年末年始の大掃除というと、日常的な掃除に加え、普段はなかなか手がまわらない部分の掃除など、様々なことがその対象となります。では、そんな中で生活者が特に面倒だと感じていることは何なのでしょうか。
面倒だと感じると回答した人の割合が最も高かったのは、「キッチンの換気扇・レンジフードの掃除」(39.7%)で突出して多く、続いて「窓や網戸の掃除」(22.0%)が挙がり、日常的に掃除が行き届きにくい場所や掃除が難しい場所が上位にあがっています。またその次には「不用品の処分・整理整頓」(18.6%)が挙がり、新しい年を迎える上でキレイな空間、寛げる空間をつくるためには、掃除だけなくモノを整理整頓する「断捨離」も欠かせないようです。

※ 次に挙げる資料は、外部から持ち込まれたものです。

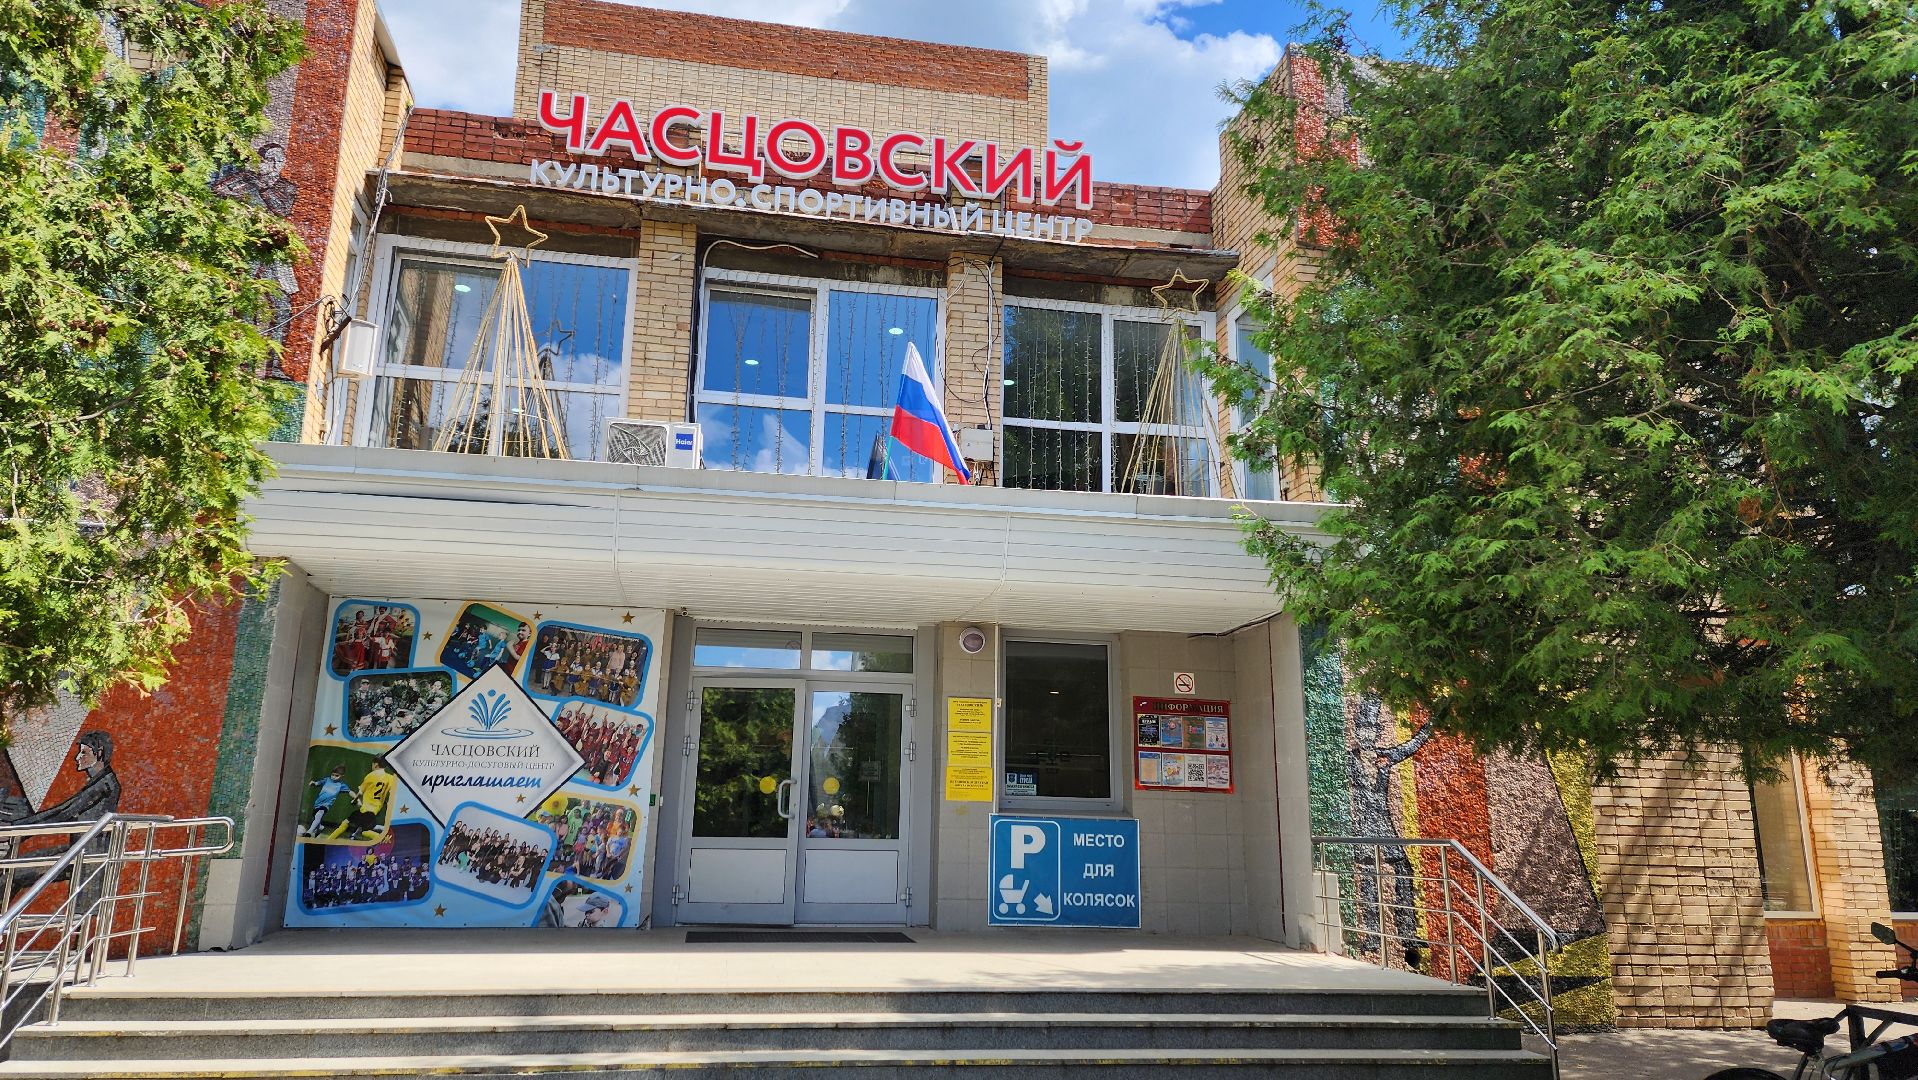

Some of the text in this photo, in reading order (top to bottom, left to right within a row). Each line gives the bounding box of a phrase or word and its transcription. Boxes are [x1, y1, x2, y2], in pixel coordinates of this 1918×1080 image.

さて、面倒なこととして上位に挙がった、「キッチンの換気扇・レンジフードの掃除」や「キッチンのガス(IH)レンジの掃除」、また「窓や網戸の掃除」などは、普段あまり行わないこともあり、汚れが蓄積、行うとなるとやはり時間も労力もかかるもの。では、生活者はそれらに対してどのようなお掃除のコツ・テクニックで対処しているのでしょうか。自由回答で聞いた中から、これらに関連するものを見てみます。
「油汚れ」に対するコツ・テクニックで多かったのは、「重曹」を使って油を落とす、という方法。その他には、「つけ置き」や、関連して「キッチンペーパーでパック」など、長い時間をかけてこびりついた頑固な油汚れに対して、少しでもラクに落とすために様々な工夫をしているようです。
また「窓ガラス・網戸」に対するコツ・テクニックとしては、「窓ガラスは新聞紙で拭く」、「網戸は衣類用ブラシ・歯ブラシで汚れを落とす」などが多く挙がり、日用品をうまく活用し、生活の知恵を取り入れて対処しているようです。

Point:
・大掃除で最も面倒なのは、「キッチンの換気扇・レンジフードの掃除」で約4割が人が面倒と回答
・日常的に掃除が行き届きにくい場所・掃除が難しい場所は、日用品の活用など生活の知恵を上手く取り入れ少しでもラクにする工夫を実践

不用品、「フリマアプリで出品経験あり」は男女ともに若年層で高く、今後の活用にも積極的

前項で、面倒な大掃除の3位にランクインした「不用品の処分・整理整頓」。今回の調査ではこれに関連して、最近話題の「フリマアプリ」のほか、「インターネットオークション」、「リサイクルショップや中古品買取店」について、出品利用経験や、今後の活用意向を聞いてみました。
まず利用経験を見てみると、全体では「リサイクルショップ」の利用経験が40.2%と他の方法と比べて高く、「ネットオークション」は12.9%、「フリマアプリ」は9.8%が利用経験ありという結果になりました。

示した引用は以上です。